Two years ago, Yolanda Pesnell was diagnosed with uterine fibroids — benign tumours that originate in the uterus (womb). At the time of her diagnosis, Pesnell was presented with two options: to have a hysterectomy (to remove her entire uterus) or a myomectomy whereby only the fibroids would be surgically removed leaving the uterus intact and preserving fertility. However not all women are candidates for myomectomy. If the fibroids are numerous or large, myomectomy can become complicated, resulting in increased blood loss. If cancer is found, conversion to a full hysterectomy may be necessary. Pesnell said she was told this when diagnosed at the hospital and admitted that even the thought of going through with the myomectomy with the possibility of still having a hysterectomy and the chance of ever having children completely taken away from her was quite devastating.

For the 29-year-old, life would never be the same. Married for only three years at the time of her diagnosis, Pesnell and her husband had to face the possibility of never having children. Not willing to accept the options available to her spurred Pesnell on to seek other alternatives. Through her own research on the Internet and talking to friends, Pesnell found out about another procedure called embolisation. This is a minimally invasive means of blocking arteries that supply blood to fibroids. It is a procedure that uses angiographic techniques (similar to those used in heart catheterisation) to place a catheter into the uterine arteries. Small particles are injected into the arteries, which results in the blockage of the arteries feeding the fibroids. The blockage of blood supply caused degeneration of the fibroids which results in resolution of symptoms according to the Florida Medical Centre of Northern California.

According to the Centre for Disease Control (CDC) in the United States, gynaecological problems are common among women of reproductive age. In a report issued by the CDC in 2003, more than 4.5 million women aged 18 to 50 report at least one chronic gynaecological condition each year. Nearly half of all women who menstruate experience some pain during menstruation and ten per cent of them suffer from pain so severe that it interferes with their daily routine.
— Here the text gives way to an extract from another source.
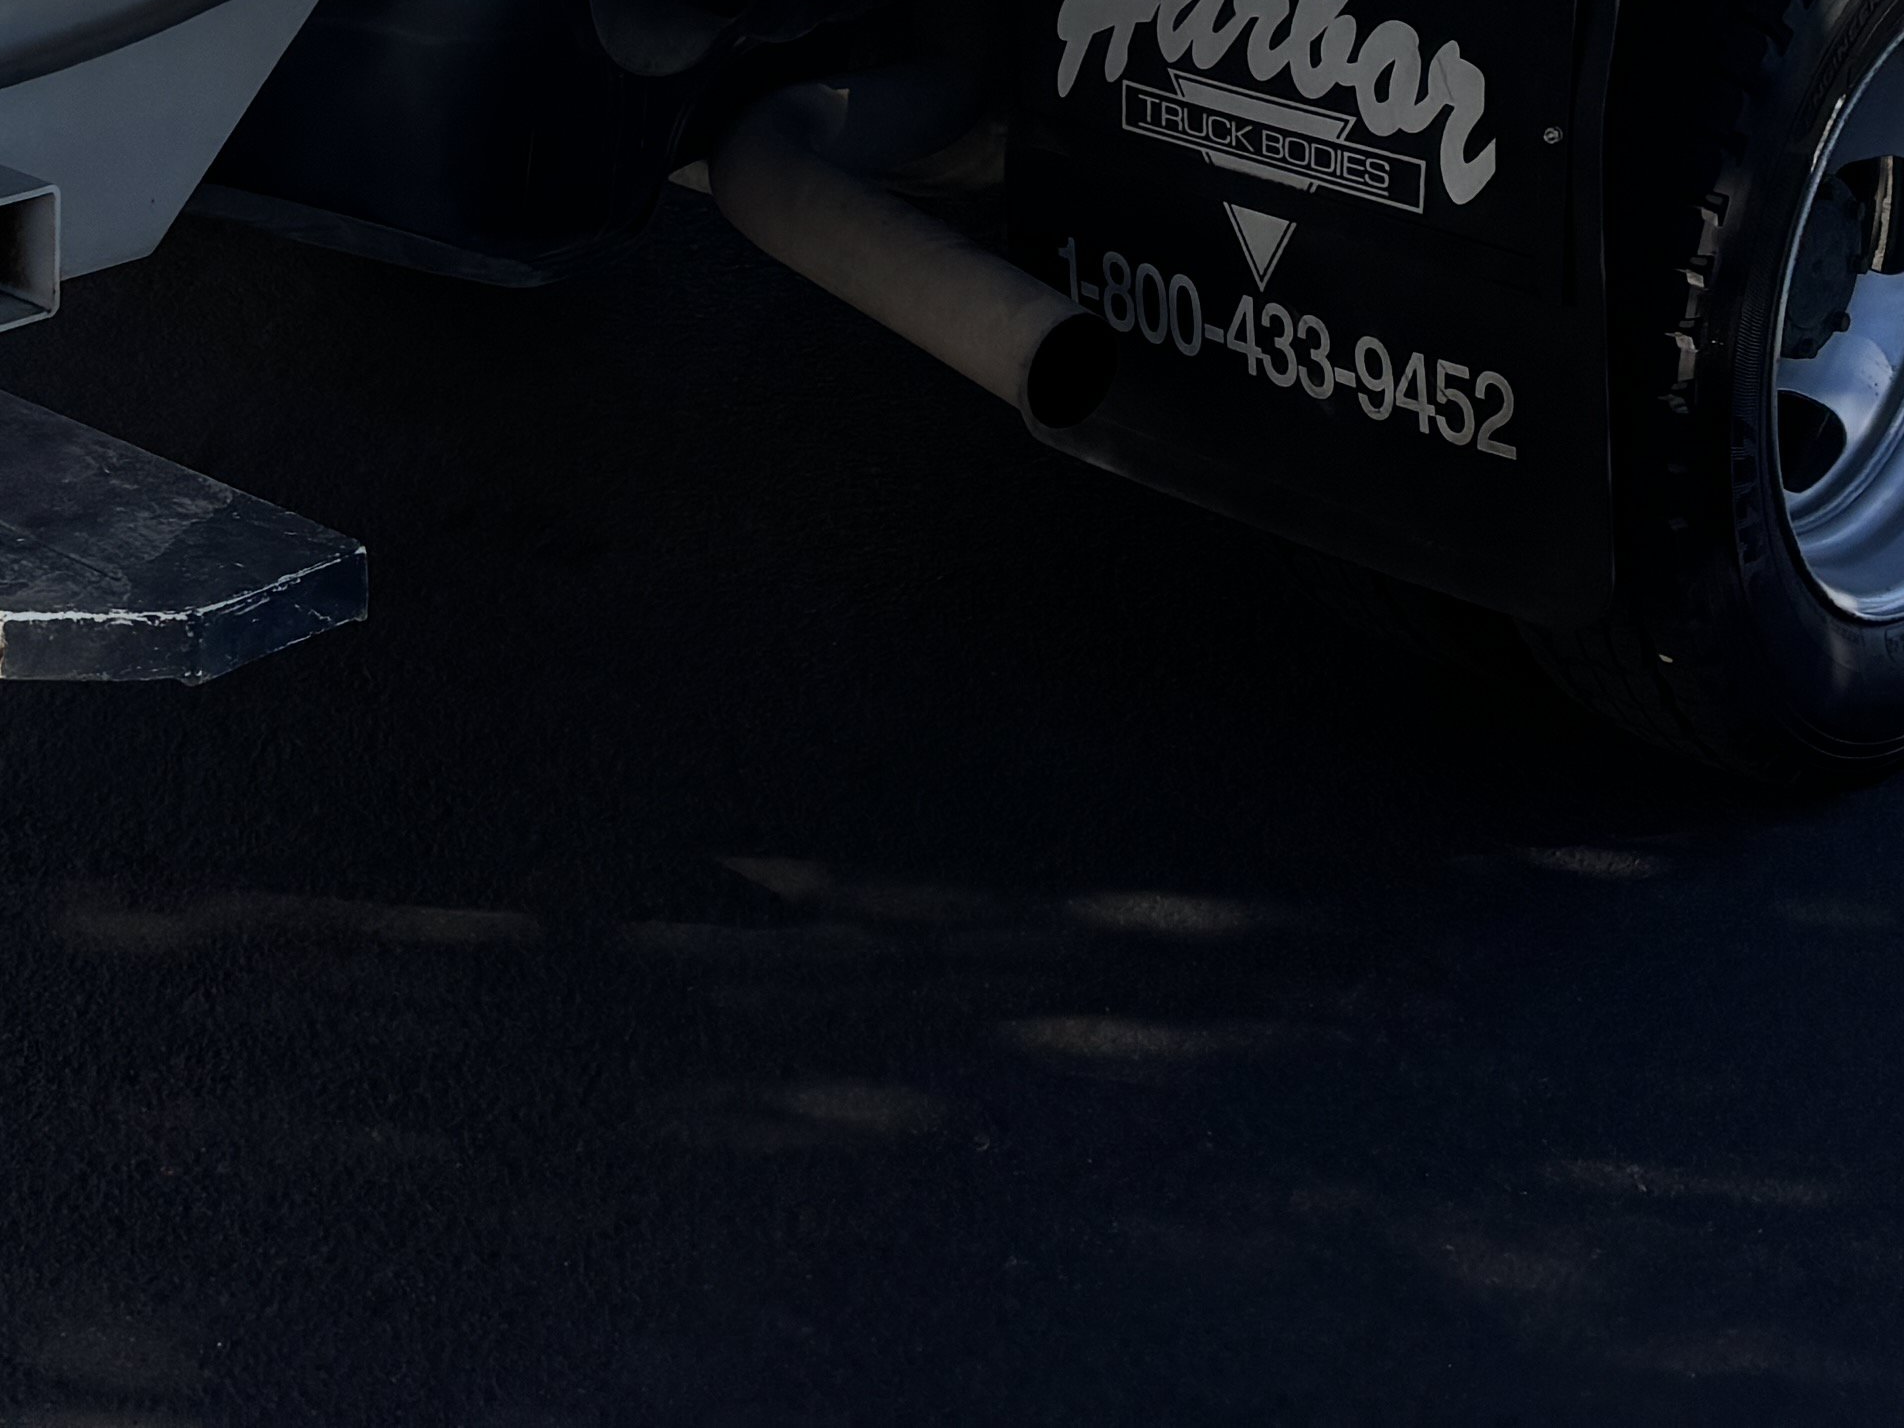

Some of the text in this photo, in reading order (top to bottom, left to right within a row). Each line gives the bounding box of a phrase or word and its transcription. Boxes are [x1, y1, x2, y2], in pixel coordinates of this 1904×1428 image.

[1138, 94, 1390, 187] TRUCK BODIES
[1056, 236, 1517, 461] 1-800-433-9452
Most women can agree that having your monthly cycle is not something to look forward to but for Pesnell it was not the cramps, tiredness and moodiness she dreaded but the huge amount of blood loss. Once an active person who looked forward to her early morning workouts, she became someone who simply did not have the energy to get up and do much of anything anymore. Tiredness and dizziness often occurred to point where she felt like she would 'pass-out' due to blood loss. Socialising with friends, co-workers and acquaintances were very limited. According to Pesnell she was plagued with embarrassment and fear.

Through a health segment on television, Pesnell first heard the names Dr Nigel Hacking and Dr Omar Khan. Dr Hacking is a UK-based Interventional Radiologist and one of the World pioneers of embolisation.

He said, "There are 100 centres in the UK doing embolisation and I wanted to bring it to the Caribbean. I was invited by Dr Khan do my first case here (Trinidad) in 1999 and now Yolanda would be our 1,000th patient. Fibroid embolisation is not a new technique. It is fully recognised in the UK, Europe and the US. The procedure takes approximately 15 minutes and she would go home tomorrow with no scar and she would be back to normal in about a week or two. For a young lady like Yolanda there is still an opportunity for pregnancy. With fibroids there is a tendency to miscarry which she has experienced already. With embolisation we have reduced that a little. We can't abolish the chance of miscarriage completely but it gives a chance for a woman to become pregnant afterwards. I work very closely with the gynaecologists here who refer many of their patients with fibroids to us every year."

According to Dr Hacking, in Trinidad gynaecologists who don't do embolisation would offer myomectomy or a hysterectomy as options. Though embolisation is not a new procedure, Dr Hacking believes there is a need for more information and education to make doctors and patients aware that embolisation is also another option.

Pesnell said, "I was so relieved to know that Dr Hacking and Dr Khan were at St Clair Medical and I could have the procedure here in Trinidad and I would not have to go overseas."

Unfortunately Pesnell's relief quickly turned to one of desperation when she heard the cost of the procedure. Pesnell however did not let this deter her as she and her family tried to come up with the funds. After 12 months of saving, the figure was still beyond Pesnell.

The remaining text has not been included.